Shares of Bilibili (BILI 3.10%) were moving higher today even though there was no news out on the Chinese digital entertainment company. Instead, the stock seemed to surge on a "risk-on" day in the market, as treasury yields fell and investors piled back into tech stocks after a sell-off over the last few weeks.
As of 11:52 a.m. EST, Bilibili stock was up 10.2%, while the Nasdaq had jumped 3.4%. Chinese stocks were also surging, with the iShares MSCI China ETF up 3.8%.
Bilibili has tracked alongside other popular growth stocks in recent months as shares nearly quadrupled from November to February before pulling back sharply in recent weeks.

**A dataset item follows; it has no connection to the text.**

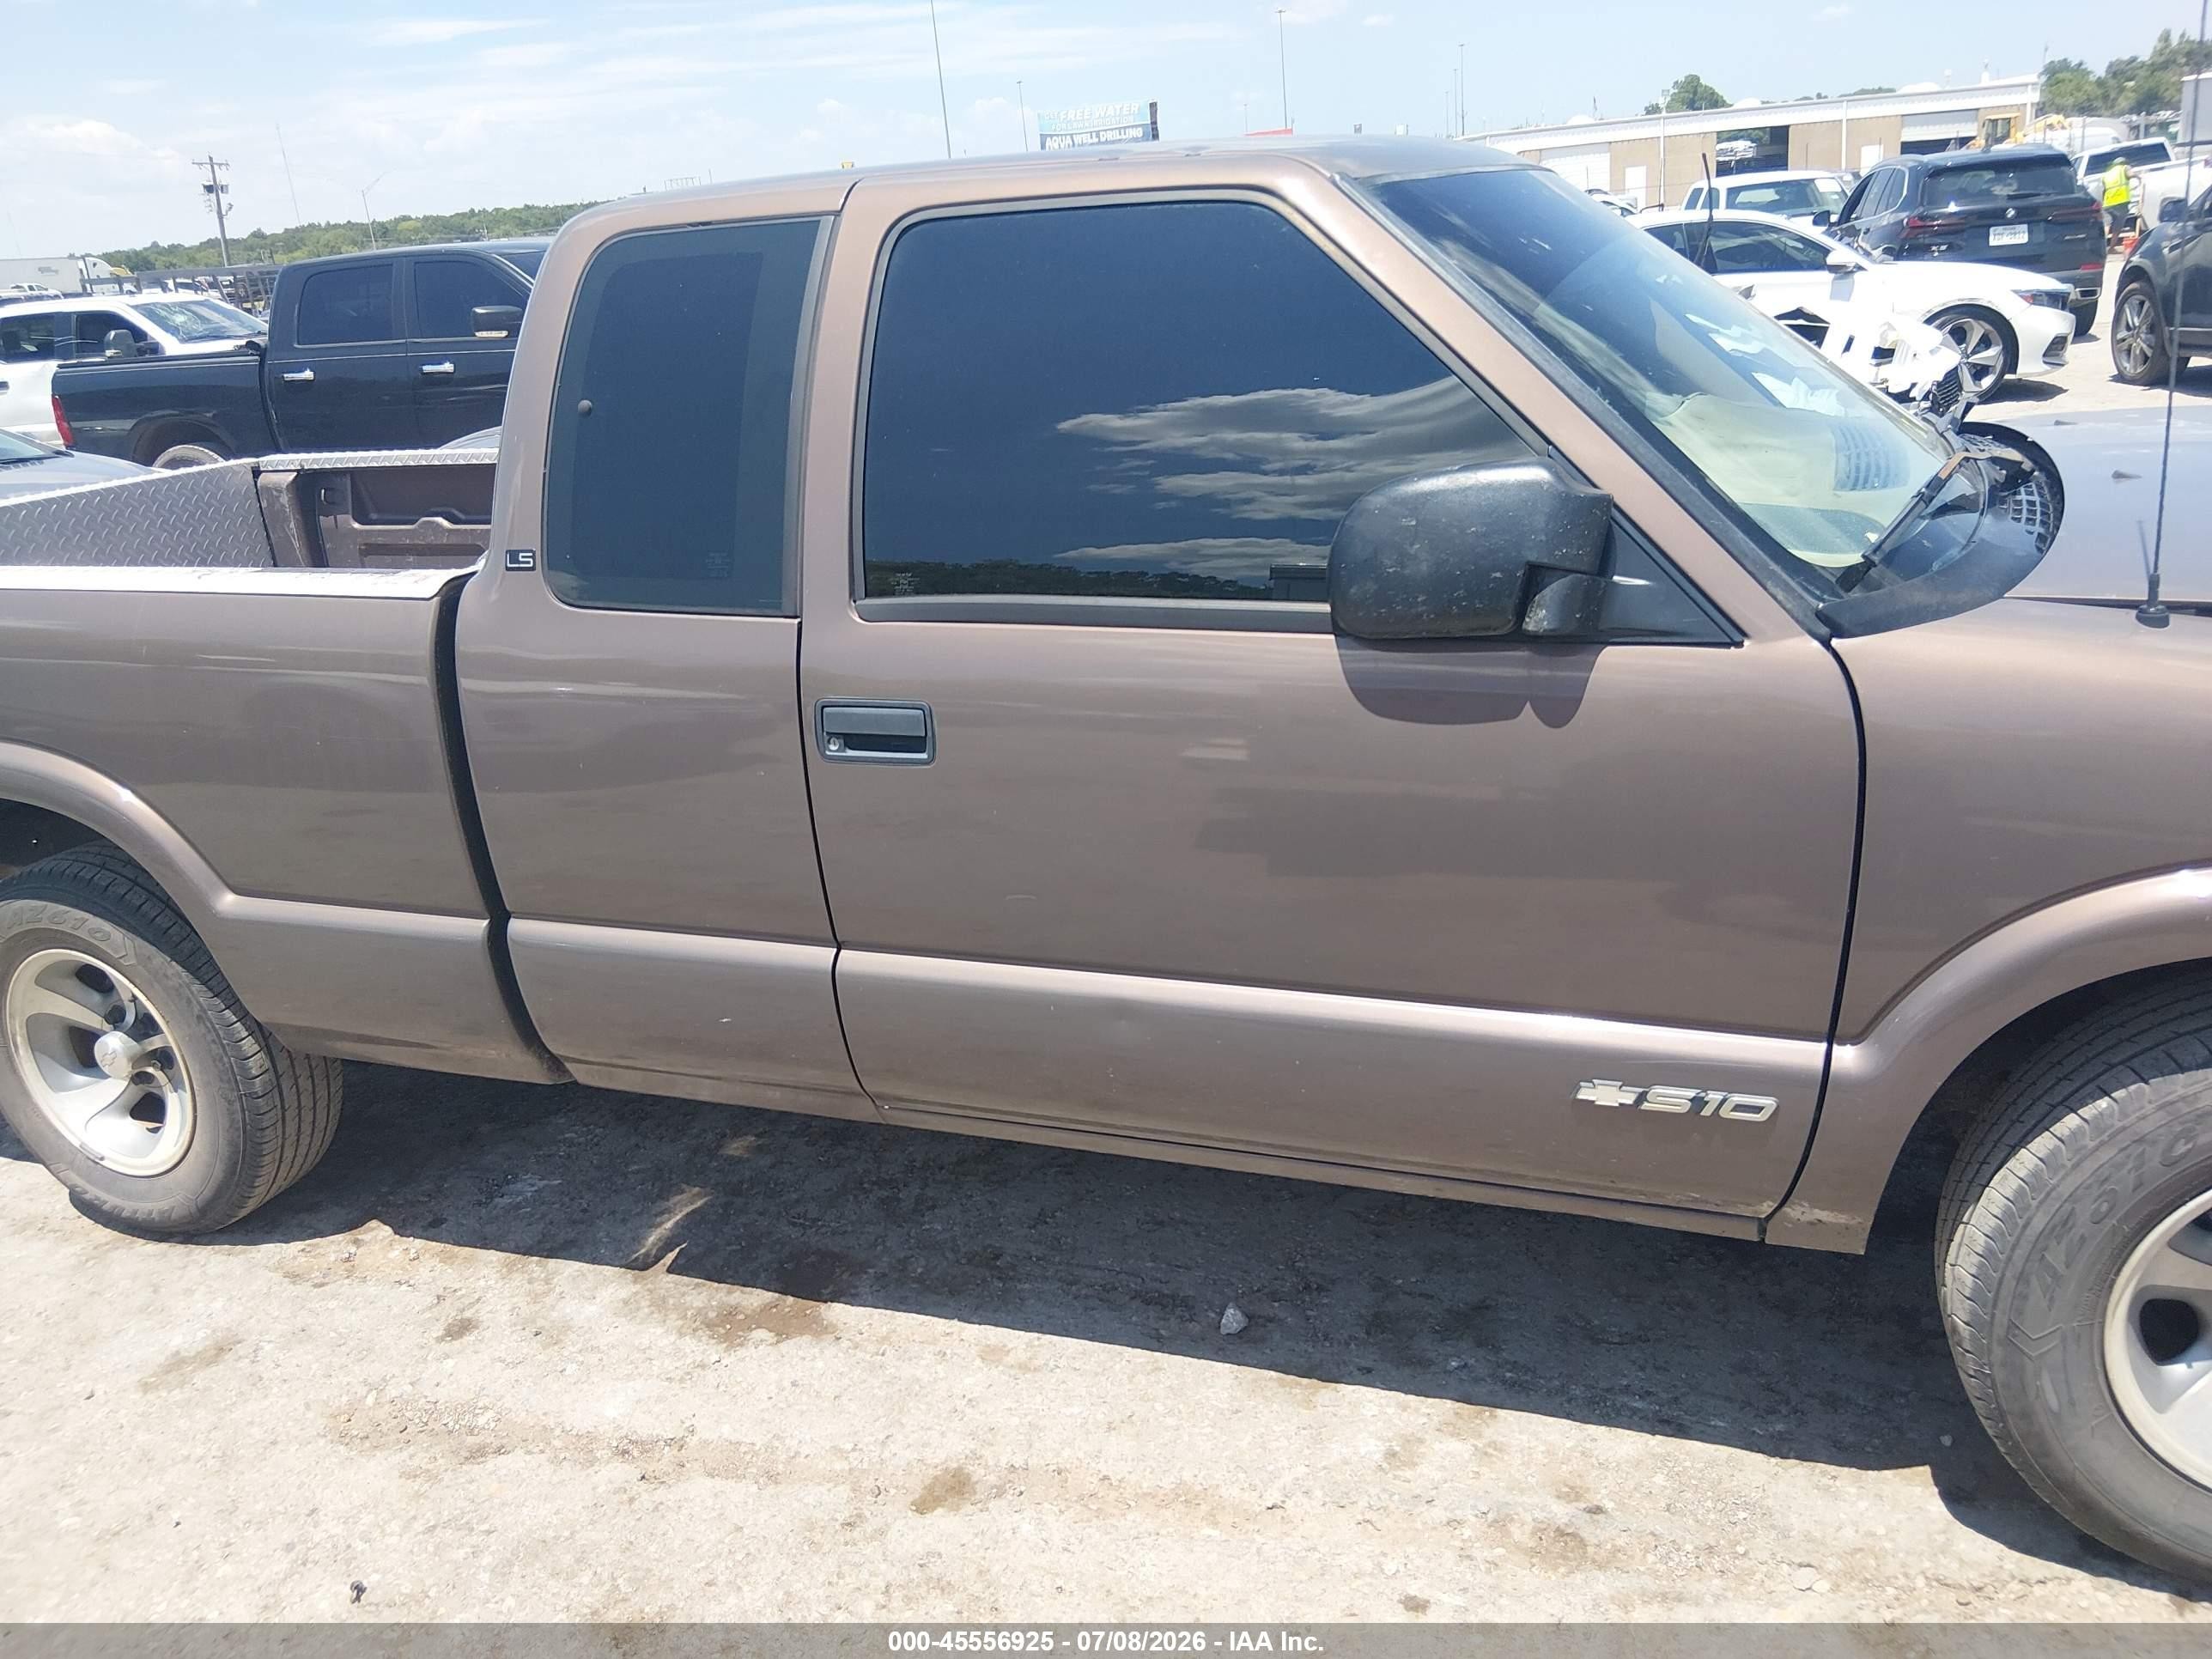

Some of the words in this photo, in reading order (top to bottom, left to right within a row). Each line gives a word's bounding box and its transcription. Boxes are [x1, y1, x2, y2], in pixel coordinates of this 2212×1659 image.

Like other mobile gaming stocks, Bilibili has seen strong growth during the pandemic. In its fourth-quarter earnings report, which came out in February, revenue jumped 91% to $588.5 million, and average monthly paying users more than doubled to 17.9 million.
Growth stocks like Bilibili have been highly sensitive to bond yields in recent weeks as rising interest rates and inflation expectations have lifted discount rates on growth stocks, bringing their valuations down. Even after the pullback, Bilibili trades at a price-to-sales ratio around 20 and the company is unprofitable, meaning shares are still expensive.

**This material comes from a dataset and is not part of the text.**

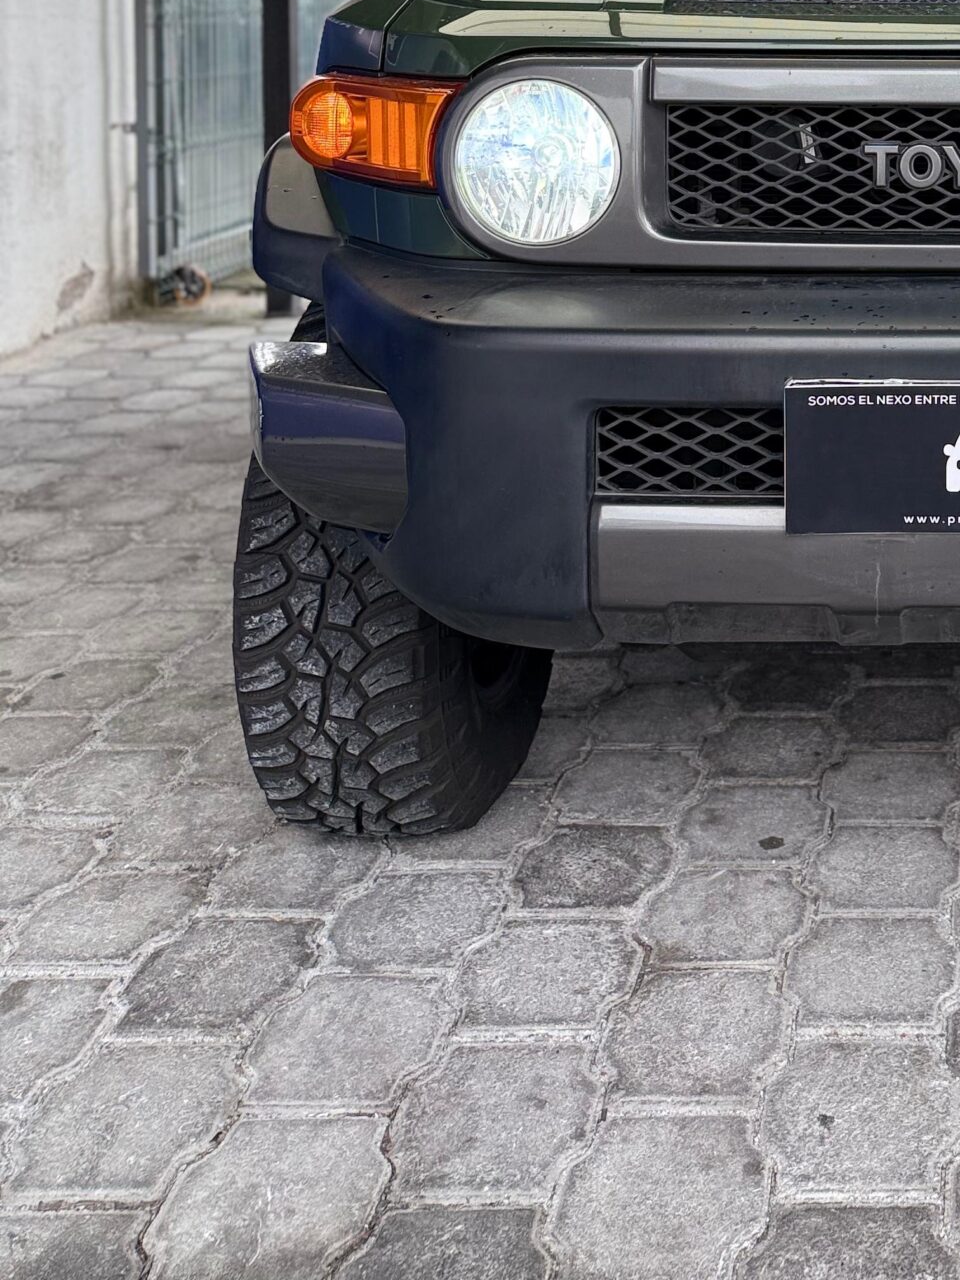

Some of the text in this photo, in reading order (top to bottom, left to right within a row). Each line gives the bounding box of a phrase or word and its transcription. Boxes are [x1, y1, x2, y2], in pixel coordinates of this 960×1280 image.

[808, 395, 856, 407] SOMOS
[858, 395, 874, 406] EL
[876, 394, 912, 406] NEXO
[914, 394, 957, 406] ENTRE

The benchmark 10-year Treasury yield is still near historic lows, around 1.5%, and is likely to move higher over the long term. But taking that into perspective, it's better to judge Bilibili on its fundamentals. Given the strong momentum the company is carrying into 2021, the long-term opportunity looks promising, though investors should keep one eye on the bottom line to make sure the company is taking steps to profitability.